%%
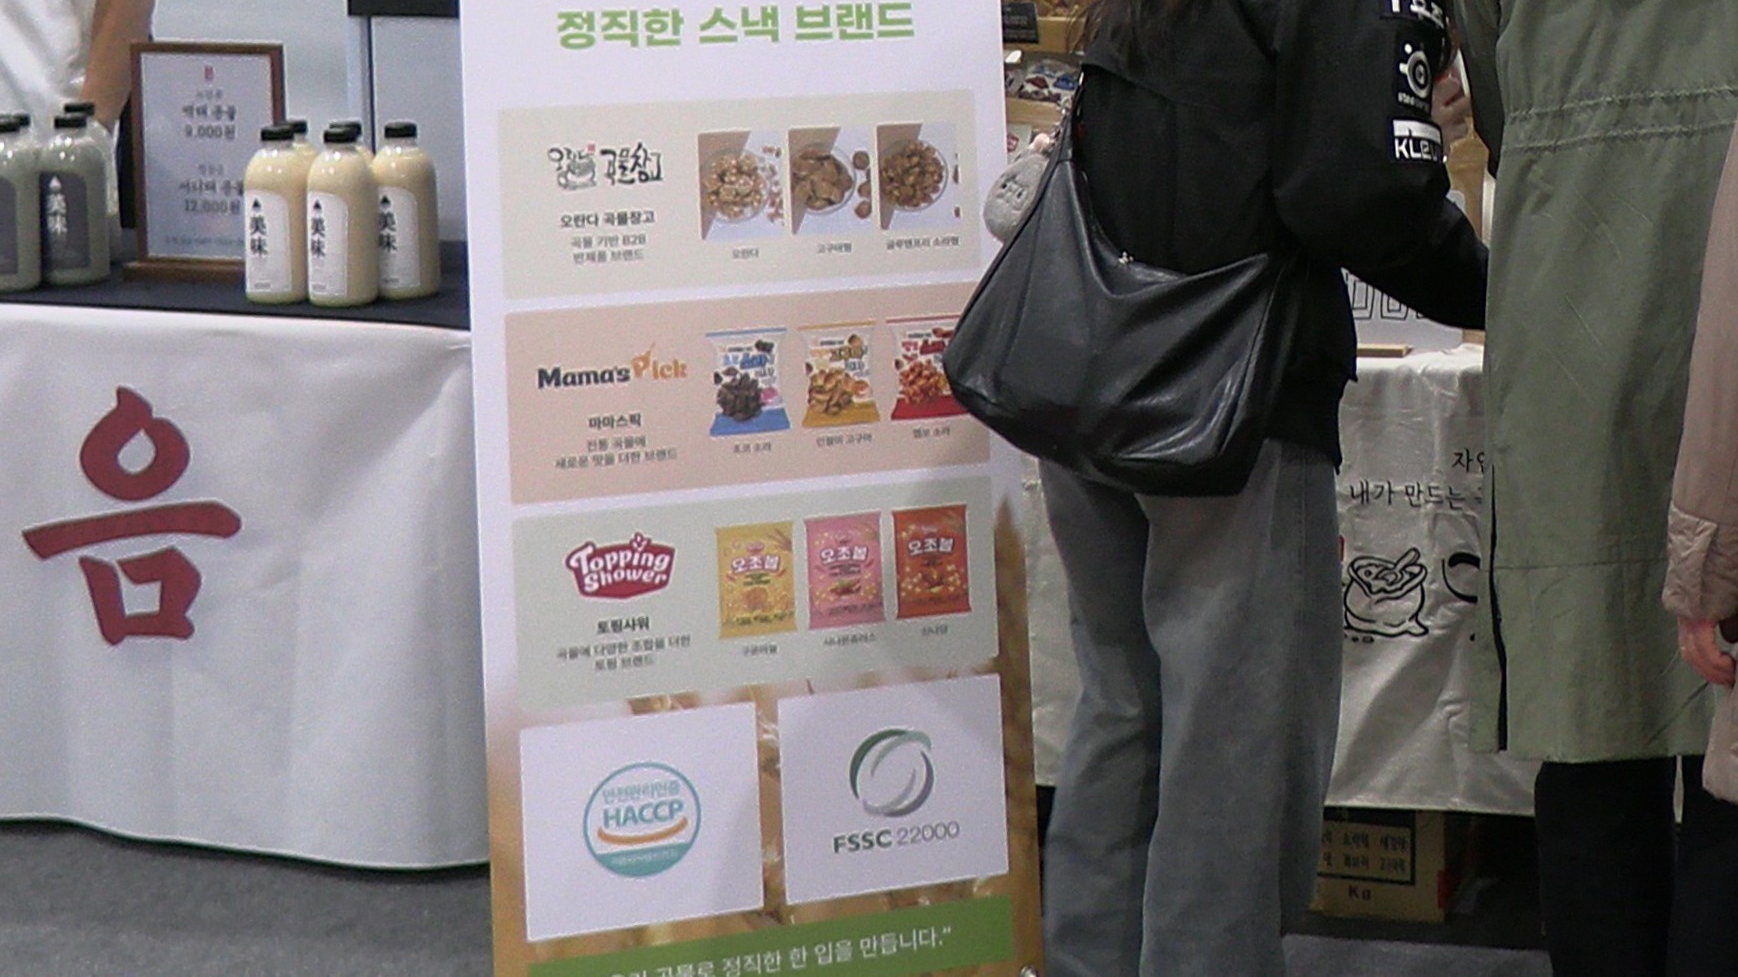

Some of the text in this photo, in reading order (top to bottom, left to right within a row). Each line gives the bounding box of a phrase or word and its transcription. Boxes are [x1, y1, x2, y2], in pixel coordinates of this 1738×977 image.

[556, 2, 916, 51] 정직한 스낵 브랜드
[560, 213, 599, 229] 오란다
[622, 234, 647, 245] B2B
[537, 366, 631, 390] Mama's
[631, 353, 689, 381] Pick
[1349, 479, 1467, 512] 내가 만드는
[21, 384, 242, 646] 음
[568, 544, 671, 575] Topping
[583, 565, 668, 593] Shower
[602, 799, 684, 829] HACCP
[832, 820, 961, 855] FSSC 22000
[721, 951, 783, 977] 정직한
[788, 947, 808, 969] 한
[813, 941, 853, 966] 입을
%%
DIRECTIONS: Reproduce the material word for word. Any pictures should be left out of the copy.

RESPONSE AREA:
Some of the text in this photo, in reading order (top to bottom, left to right within a row). Each line gives the bounding box of a phrase or word and its transcription. Boxes are [x1, y1, x2, y2], in pixel coordinates of this 1738×977 image.

[556, 2, 916, 51] 정직한 스낵 브랜드
[560, 213, 599, 229] 오란다
[622, 234, 647, 245] B2B
[537, 366, 631, 390] Mama's
[631, 353, 689, 381] Pick
[1349, 479, 1467, 512] 내가 만드는
[21, 384, 242, 646] 음
[568, 544, 671, 575] Topping
[583, 565, 668, 593] Shower
[602, 799, 684, 829] HACCP
[832, 820, 961, 855] FSSC 22000
[721, 951, 783, 977] 정직한
[788, 947, 808, 969] 한
[813, 941, 853, 966] 입을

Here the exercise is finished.